• 2315 Durant Ave
  • Berkeley, California
  • Time:
    7:00 PM to 8:30 PM
Jul 1 2026

Wealth, Power, and Democracy with Prize-Winning Economist Gabriel Zucman

He has been called "the billionaires' nightmare," "the archenemy of tax havens," "the wealth detective," and "a rockstar economist." He has advised presidential candidates and is one of the world's leading experts on wealth, inequality, and tax evasion. But Gabriel Zuckman describes himself more humbly: "I'm someone who likes to explain how things work."


At Arts & Culture on Wednesday, July 1, at 7 p.m., Professor Zucman will explain the rise in billionaires' wealth, the explosion of their power, the consequences for democracy, and possible remedies to inequality and its consequences. In particular, he will focus on a billionaire tax, like the one proposed in California that is expected to be on our ballots in November.


Tickets for Professor Zucman's talk, available on Eventbrite, are $5 for club members and students and $10 for non-members.


In 2023, the American Economic Association awarded Professor Zucman the John Bates Clark Medal, a prestigious honor given to the economist under forty who has made the most significant contribution to the field - an award often seen as a precursor to the Nobel Prize in Economics.

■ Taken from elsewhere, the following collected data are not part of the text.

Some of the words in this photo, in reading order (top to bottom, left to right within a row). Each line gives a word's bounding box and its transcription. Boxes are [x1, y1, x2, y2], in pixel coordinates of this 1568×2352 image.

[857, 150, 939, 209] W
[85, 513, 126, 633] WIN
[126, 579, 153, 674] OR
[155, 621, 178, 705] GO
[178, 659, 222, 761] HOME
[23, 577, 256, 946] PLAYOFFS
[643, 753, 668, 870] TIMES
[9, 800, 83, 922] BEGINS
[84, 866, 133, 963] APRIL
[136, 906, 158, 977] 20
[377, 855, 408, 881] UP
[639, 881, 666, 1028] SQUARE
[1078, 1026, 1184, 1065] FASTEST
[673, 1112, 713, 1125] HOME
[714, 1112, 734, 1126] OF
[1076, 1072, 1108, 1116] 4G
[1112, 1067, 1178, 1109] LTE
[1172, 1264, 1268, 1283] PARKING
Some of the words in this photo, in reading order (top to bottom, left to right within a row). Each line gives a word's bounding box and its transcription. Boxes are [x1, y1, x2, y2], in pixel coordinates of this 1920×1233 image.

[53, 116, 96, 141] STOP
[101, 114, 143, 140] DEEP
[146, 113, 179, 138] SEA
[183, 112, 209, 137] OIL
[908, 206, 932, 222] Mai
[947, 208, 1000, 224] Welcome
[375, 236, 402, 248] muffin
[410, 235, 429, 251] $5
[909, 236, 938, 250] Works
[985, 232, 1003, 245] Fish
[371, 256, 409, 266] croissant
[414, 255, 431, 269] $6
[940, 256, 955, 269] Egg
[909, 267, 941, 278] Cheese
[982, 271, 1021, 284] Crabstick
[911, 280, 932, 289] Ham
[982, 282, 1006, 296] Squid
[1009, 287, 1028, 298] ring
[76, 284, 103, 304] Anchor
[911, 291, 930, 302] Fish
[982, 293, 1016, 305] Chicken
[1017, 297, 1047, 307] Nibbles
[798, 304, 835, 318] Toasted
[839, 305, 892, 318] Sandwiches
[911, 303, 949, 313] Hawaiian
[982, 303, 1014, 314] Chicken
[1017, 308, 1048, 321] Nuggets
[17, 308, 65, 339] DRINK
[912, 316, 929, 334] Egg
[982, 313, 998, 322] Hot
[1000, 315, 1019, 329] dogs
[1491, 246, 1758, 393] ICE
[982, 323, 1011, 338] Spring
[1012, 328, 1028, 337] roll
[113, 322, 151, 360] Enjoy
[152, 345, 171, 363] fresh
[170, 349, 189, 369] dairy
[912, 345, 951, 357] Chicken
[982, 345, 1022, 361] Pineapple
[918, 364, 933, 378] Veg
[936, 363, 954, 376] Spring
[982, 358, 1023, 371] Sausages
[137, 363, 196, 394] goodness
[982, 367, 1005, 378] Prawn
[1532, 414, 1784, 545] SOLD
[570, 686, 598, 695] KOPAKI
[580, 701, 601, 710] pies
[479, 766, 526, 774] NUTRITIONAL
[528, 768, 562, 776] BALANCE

Professor Zucman's research not only impresses economists but also drives global conversation and political action. In an influential 2024 report commissioned by the G20, he argued for a coordinated 2% global minimum tax on the wealth - note that's wealth, not income - of the world's 3,000 billionaires. He said the measure would end the current situation in which the world's ultra wealthy avoid paying taxes by shielding their income in shell companies or offshore trusts.


Before Professor Zucman studied these tax-avoidance practices, the trillions of dollars hidden in offshore tax havens were a proverbial black box. He developed a forensic accounting method to track global assets and liabilities to find what he calls "missing" money. He discovered that about 8% of the world's household financial wealth is held in tax havens.


Professor Zucman is the author of the landmark The Hidden Wealth of Nations: The Scourge of Tax Havens and is the co-author, with Emanuel Saez, of The Triumph of Injustice, which showed, for the first time, that the wealthiest billionaires in America paid a lower percent of their income in taxes than did people in the middle class. His new book, We Need to Tax Billionaires, is due out in August.


He earned his doctorate in economics in 2013, from both the School for Advanced Studies in the Social Sciences (EHESS) and the Paris School of Economics. His Ph.D dissertation, under the supervision of famed economist Thomas Piketty, explored whether France's wealth tax was driving rich French citizens to leave the country. He taught at the London School of Economics before he joined Berkeley's economics department in 2015, and the Paris School of Economics and Ecole normale supérieure in 2023. He is the founding director of the PSE Stone center on Global Wealth Dynamics and also the founding director of the EU Tax Observatory, an independent research laboratory that studies tax evasion and avoidance in the European Union.


Fortunately for us, Professor Zucman; his wife Claire, a labor economist; and their three children spend their summers in Berkeley. Don't miss this opportunity to learn from this exciting young economist.